Let *Insert Nonprofit Name* Decide.
Where Needed Most.
Call it what you will, but this donation category essentially takes all decision-making power out of the donor’s hands and places it onto the nonprofit’s shoulders. Instead of the donor deciding, “hey, I think I’ll support the Thirst Relief Project today!”, the nonprofit has to use strategy to see where the money will be best spent.
But do donors know where a majority of their money goes?
A study by The Nonprofit Times found that on average, nonprofits use 4¢ for every $1 raised for their marketing budget. So, that charity you raised $1 million for during Ramadan?
Yeah, they’re likely spending $40,000 on marketing efforts.
Which isn’t necessarily a bad thing . . . right?
Think about it like this: if a nonprofit is spending money on Search Engine Optimization, Google Ads, and influencer campaigns, they have to allocate those funds away from programs and services.

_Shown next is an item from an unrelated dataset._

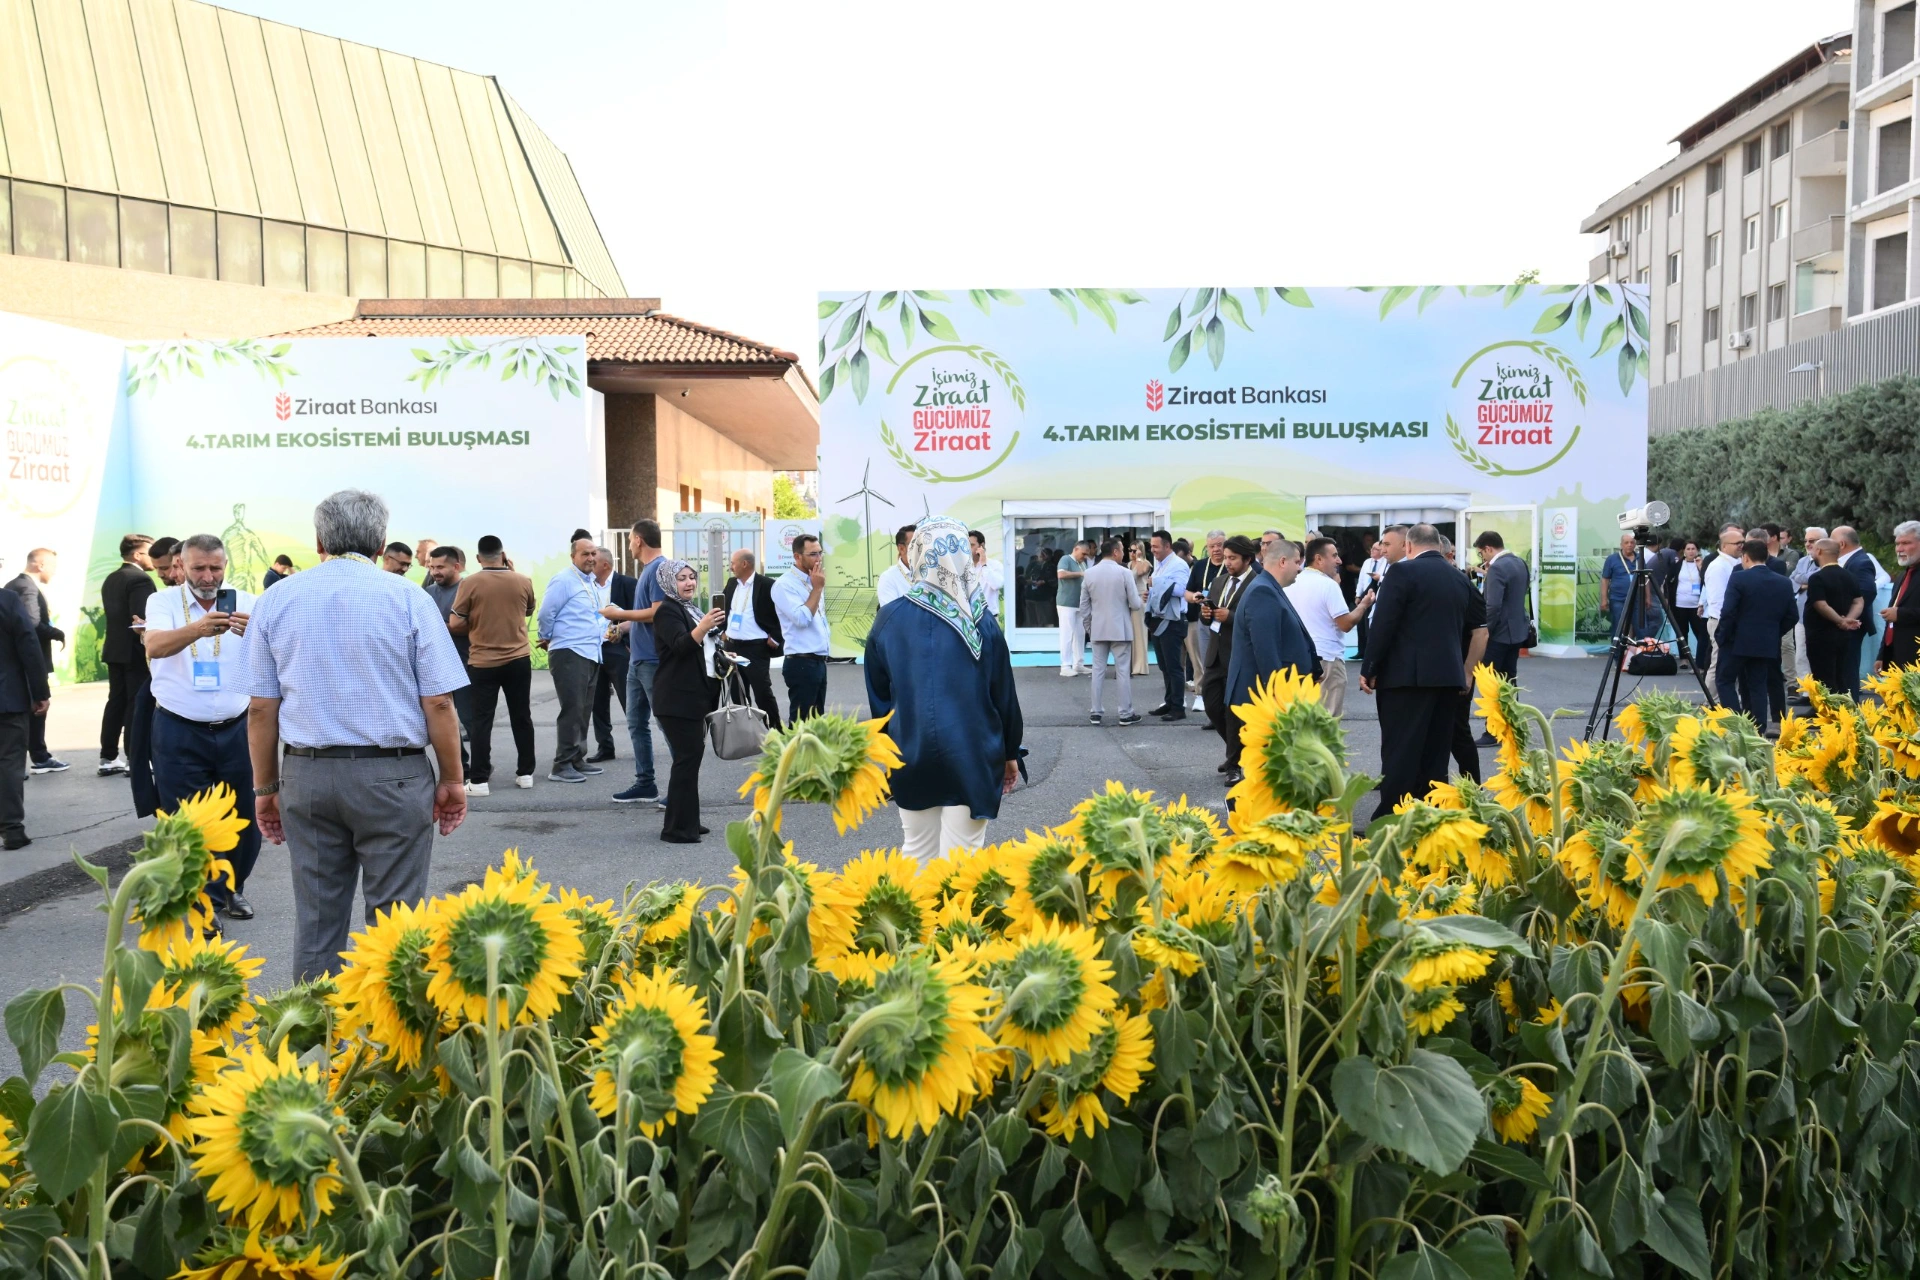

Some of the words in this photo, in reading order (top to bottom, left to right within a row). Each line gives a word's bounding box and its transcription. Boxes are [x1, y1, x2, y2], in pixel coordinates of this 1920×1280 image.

So, while those programs and services may still be thriving, there’s a lot more that is being withheld in the name of publicity. The hope is that this investment for publicity will, in turn, get the charity some more dedicated donors that will be able to fund said programs and services.
Allocating money for a nonprofit’s marketing budget is, without a doubt, a tricky cycle of investments and trade-offs. With this in mind, it’s probably a good thing that nonprofits are handling things and taking the burden off of donors.
I mean, would you select “Marketing Budget” if it were a donation category?